#### [EXERCISE REQUIREMENTS]
Write out the data below exactly as given, without any of its pictures.

#### [Saved entries]

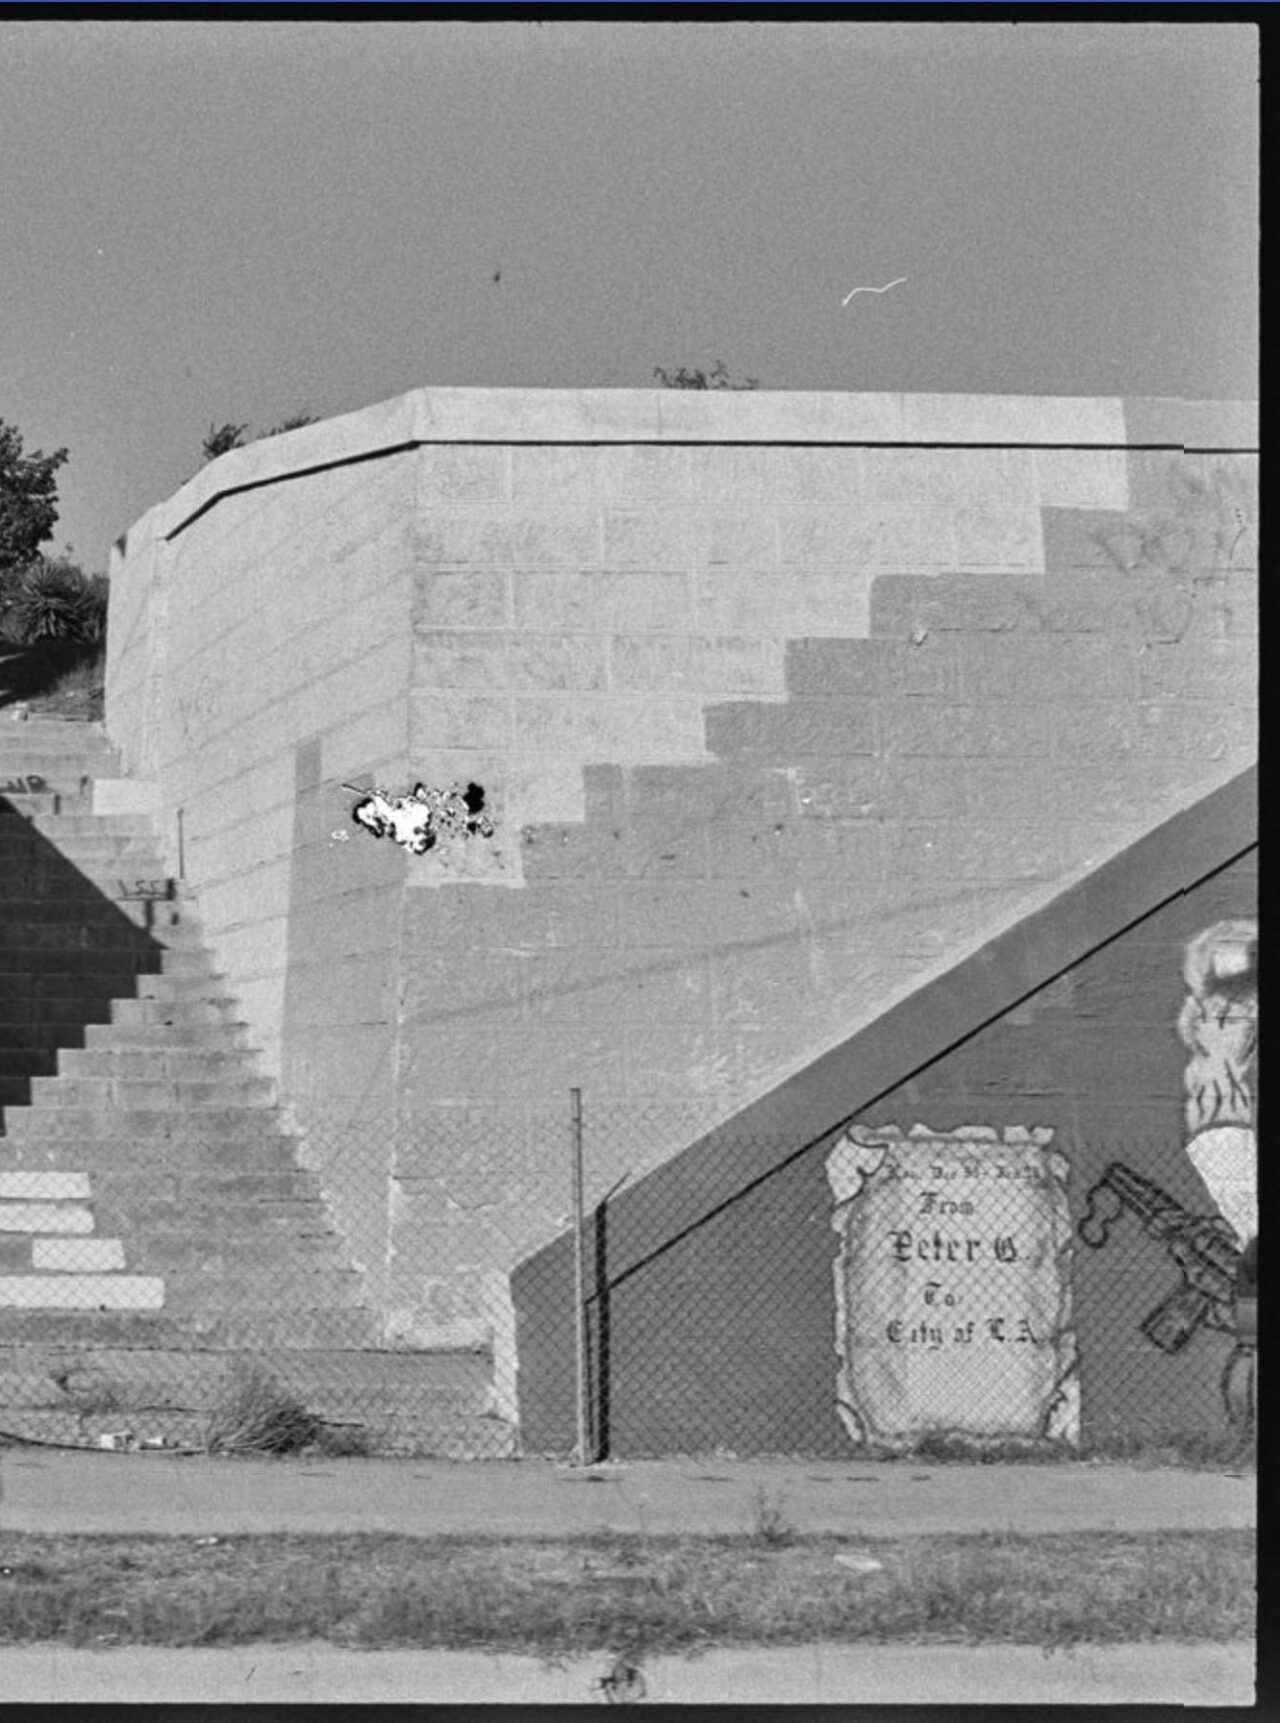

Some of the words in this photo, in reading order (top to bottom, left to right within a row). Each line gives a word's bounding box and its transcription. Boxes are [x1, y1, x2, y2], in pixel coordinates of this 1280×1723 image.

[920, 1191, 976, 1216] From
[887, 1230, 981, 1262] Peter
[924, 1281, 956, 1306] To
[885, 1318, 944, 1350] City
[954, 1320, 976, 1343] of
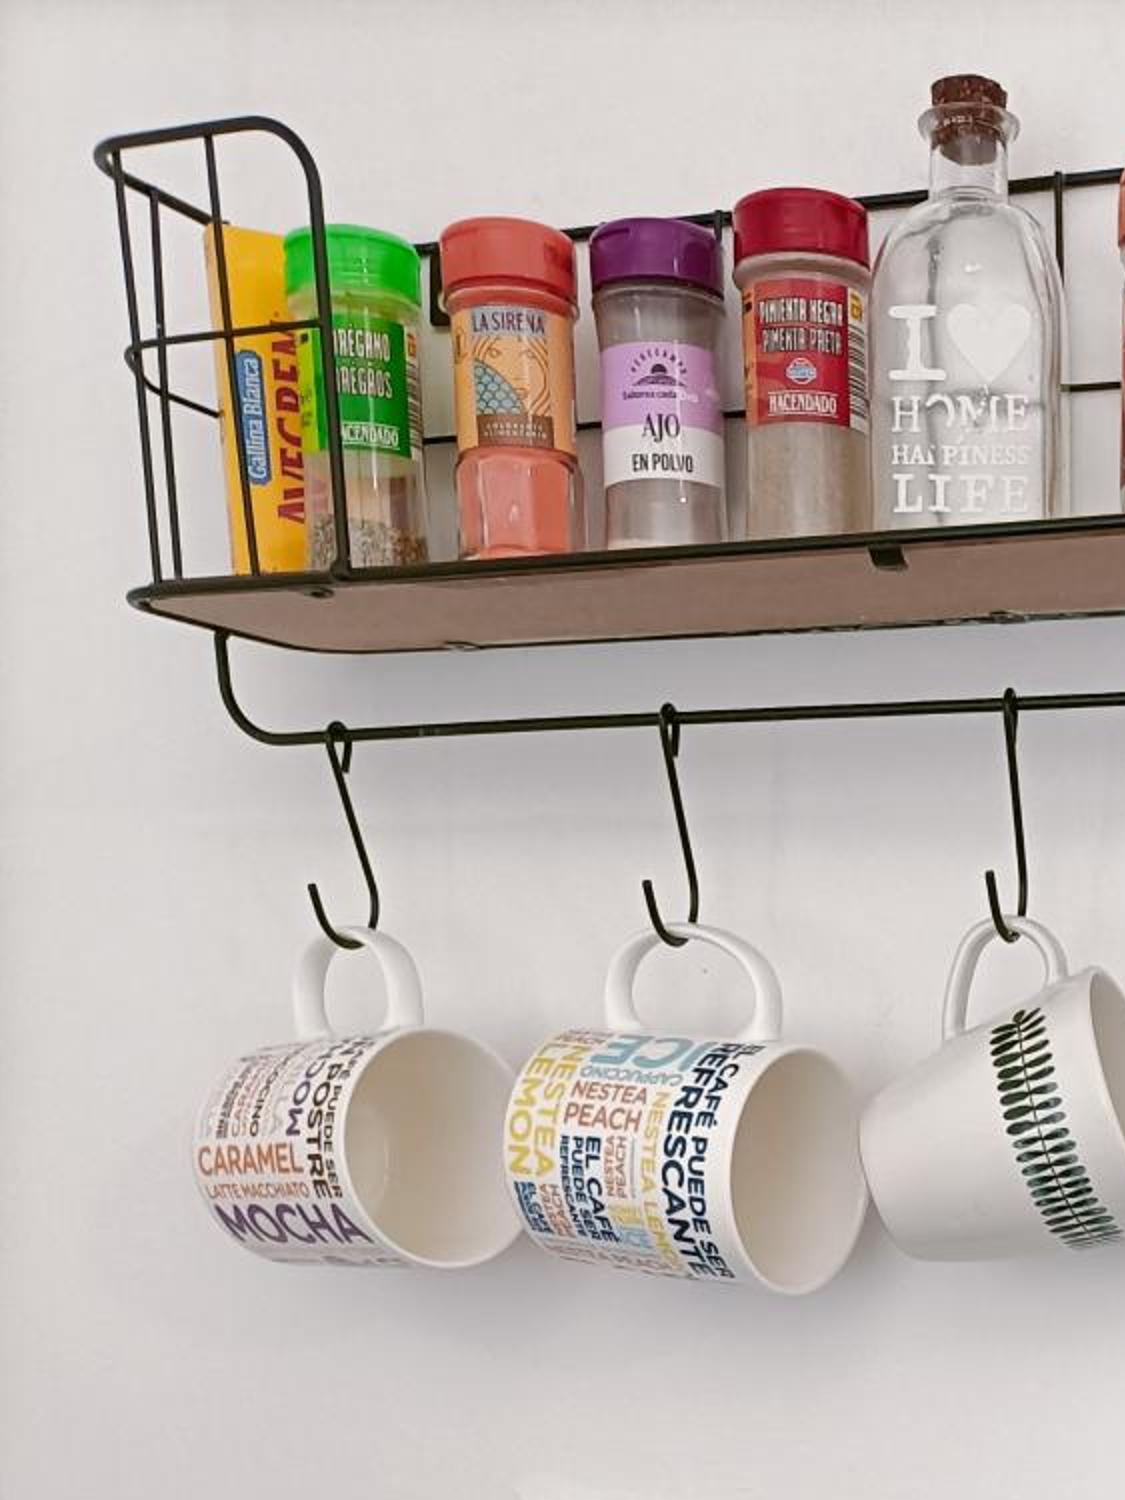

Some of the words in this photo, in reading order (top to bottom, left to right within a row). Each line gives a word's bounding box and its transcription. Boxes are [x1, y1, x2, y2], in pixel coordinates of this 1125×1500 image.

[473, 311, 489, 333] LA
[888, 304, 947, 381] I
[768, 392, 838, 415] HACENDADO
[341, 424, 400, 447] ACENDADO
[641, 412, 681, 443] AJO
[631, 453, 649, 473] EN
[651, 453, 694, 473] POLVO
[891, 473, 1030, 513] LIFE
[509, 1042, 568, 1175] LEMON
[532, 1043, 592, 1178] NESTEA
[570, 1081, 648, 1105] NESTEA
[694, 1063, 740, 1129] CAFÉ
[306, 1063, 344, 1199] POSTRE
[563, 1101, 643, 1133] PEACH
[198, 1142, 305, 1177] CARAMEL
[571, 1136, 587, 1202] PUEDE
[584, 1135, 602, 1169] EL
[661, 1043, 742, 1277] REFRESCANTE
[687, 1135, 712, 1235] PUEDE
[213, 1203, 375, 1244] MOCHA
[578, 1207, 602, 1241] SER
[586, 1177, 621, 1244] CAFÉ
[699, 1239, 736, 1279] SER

#### [TASK OUTPUT]
Some of the words in this photo, in reading order (top to bottom, left to right within a row). Each line gives a word's bounding box and its transcription. Boxes are [x1, y1, x2, y2], in pixel coordinates of this 1280×1723 image.

[920, 1191, 976, 1216] From
[887, 1230, 981, 1262] Peter
[924, 1281, 956, 1306] To
[885, 1318, 944, 1350] City
[954, 1320, 976, 1343] of

Some of the words in this photo, in reading order (top to bottom, left to right within a row). Each line gives a word's bounding box and its transcription. Boxes are [x1, y1, x2, y2], in pixel coordinates of this 1125×1500 image.

[473, 311, 489, 333] LA
[888, 304, 947, 381] I
[768, 392, 838, 415] HACENDADO
[341, 424, 400, 447] ACENDADO
[641, 412, 681, 443] AJO
[631, 453, 649, 473] EN
[651, 453, 694, 473] POLVO
[891, 473, 1030, 513] LIFE
[509, 1042, 568, 1175] LEMON
[532, 1043, 592, 1178] NESTEA
[570, 1081, 648, 1105] NESTEA
[694, 1063, 740, 1129] CAFÉ
[306, 1063, 344, 1199] POSTRE
[563, 1101, 643, 1133] PEACH
[198, 1142, 305, 1177] CARAMEL
[571, 1136, 587, 1202] PUEDE
[584, 1135, 602, 1169] EL
[661, 1043, 742, 1277] REFRESCANTE
[687, 1135, 712, 1235] PUEDE
[213, 1203, 375, 1244] MOCHA
[578, 1207, 602, 1241] SER
[586, 1177, 621, 1244] CAFÉ
[699, 1239, 736, 1279] SER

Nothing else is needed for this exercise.